- Exercise prompt:
Skip the pictures and copy all the data that follows exactly.

(Saved data entries)
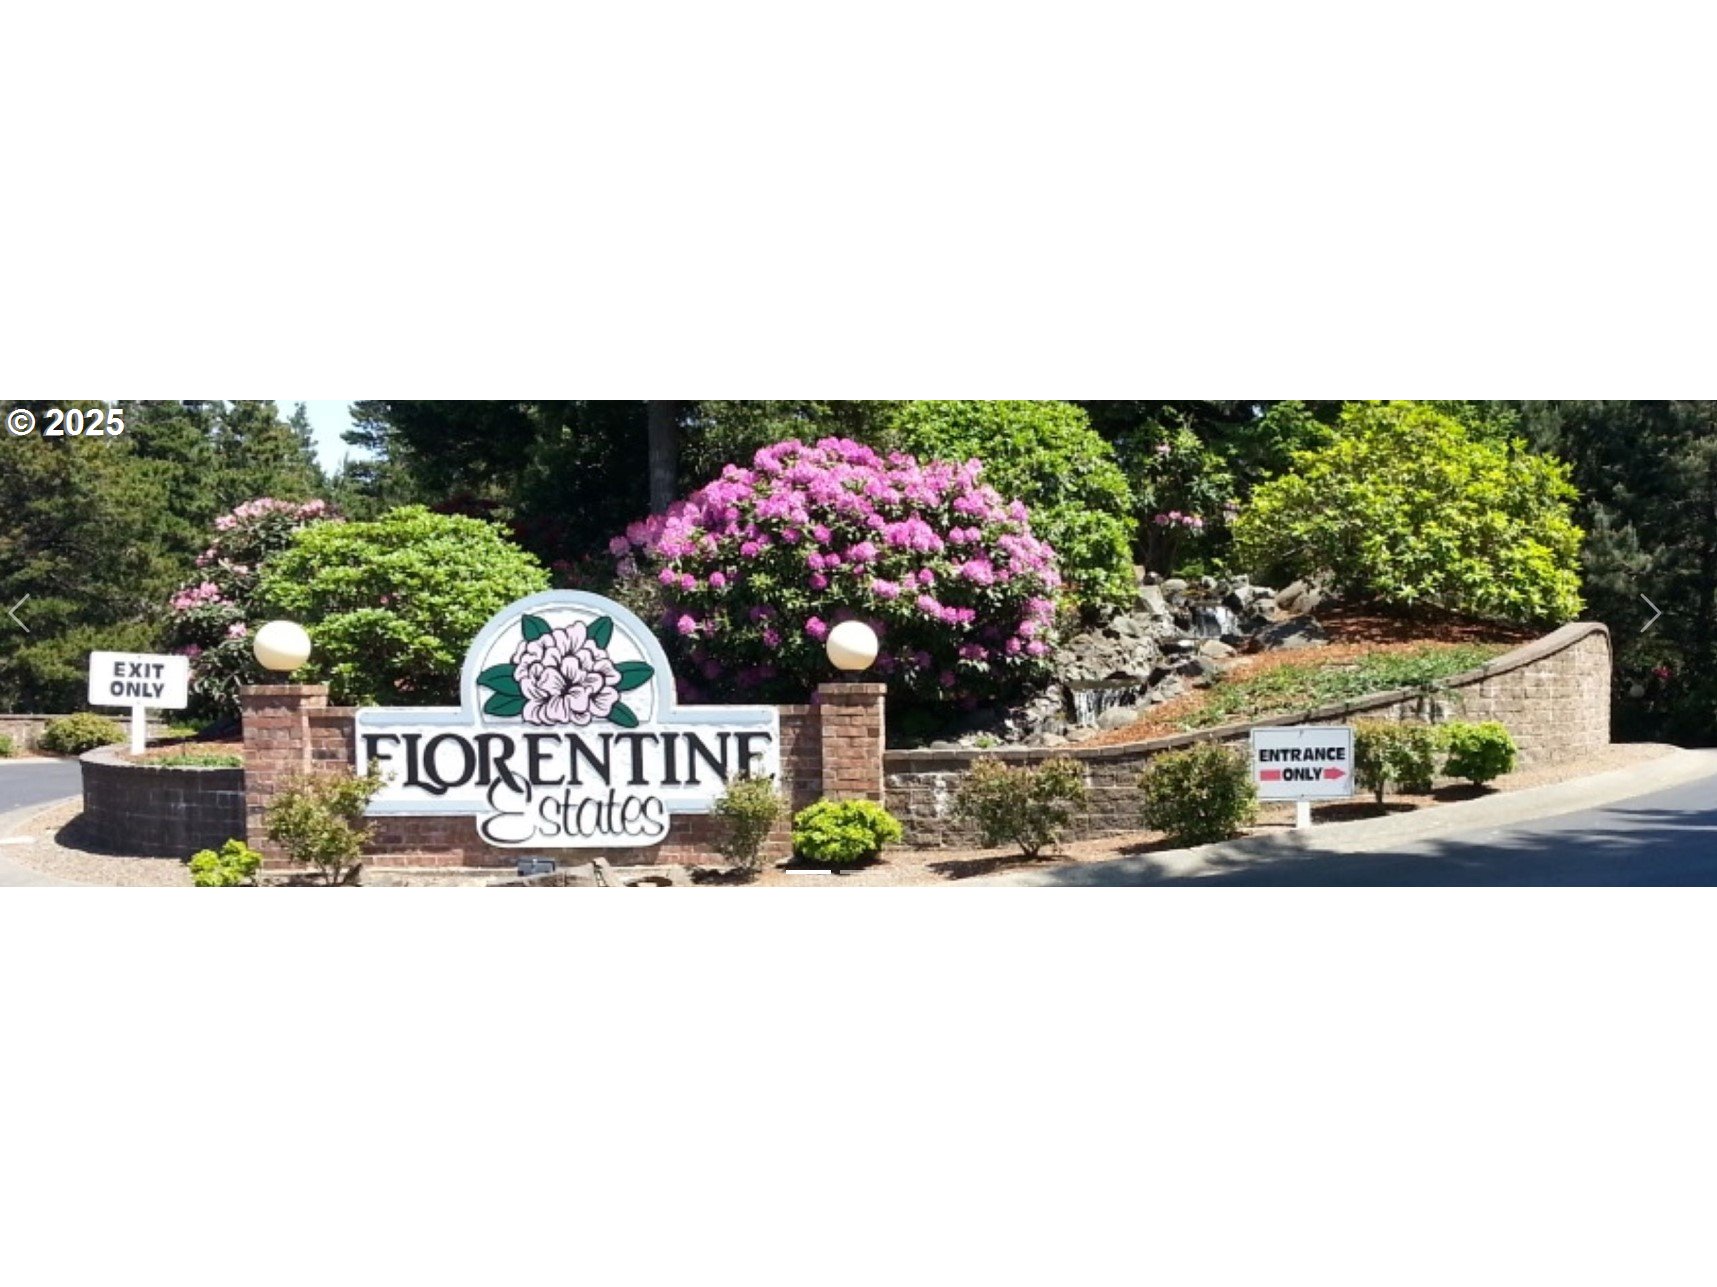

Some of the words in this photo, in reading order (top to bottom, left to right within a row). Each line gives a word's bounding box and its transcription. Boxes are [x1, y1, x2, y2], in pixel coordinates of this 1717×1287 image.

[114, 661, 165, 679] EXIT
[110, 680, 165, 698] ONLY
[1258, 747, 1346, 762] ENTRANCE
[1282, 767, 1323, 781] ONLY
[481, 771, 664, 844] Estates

- Exercise response:
Some of the words in this photo, in reading order (top to bottom, left to right within a row). Each line gives a word's bounding box and its transcription. Boxes are [x1, y1, x2, y2], in pixel coordinates of this 1717×1287 image.

[114, 661, 165, 679] EXIT
[110, 680, 165, 698] ONLY
[1258, 747, 1346, 762] ENTRANCE
[1282, 767, 1323, 781] ONLY
[481, 771, 664, 844] Estates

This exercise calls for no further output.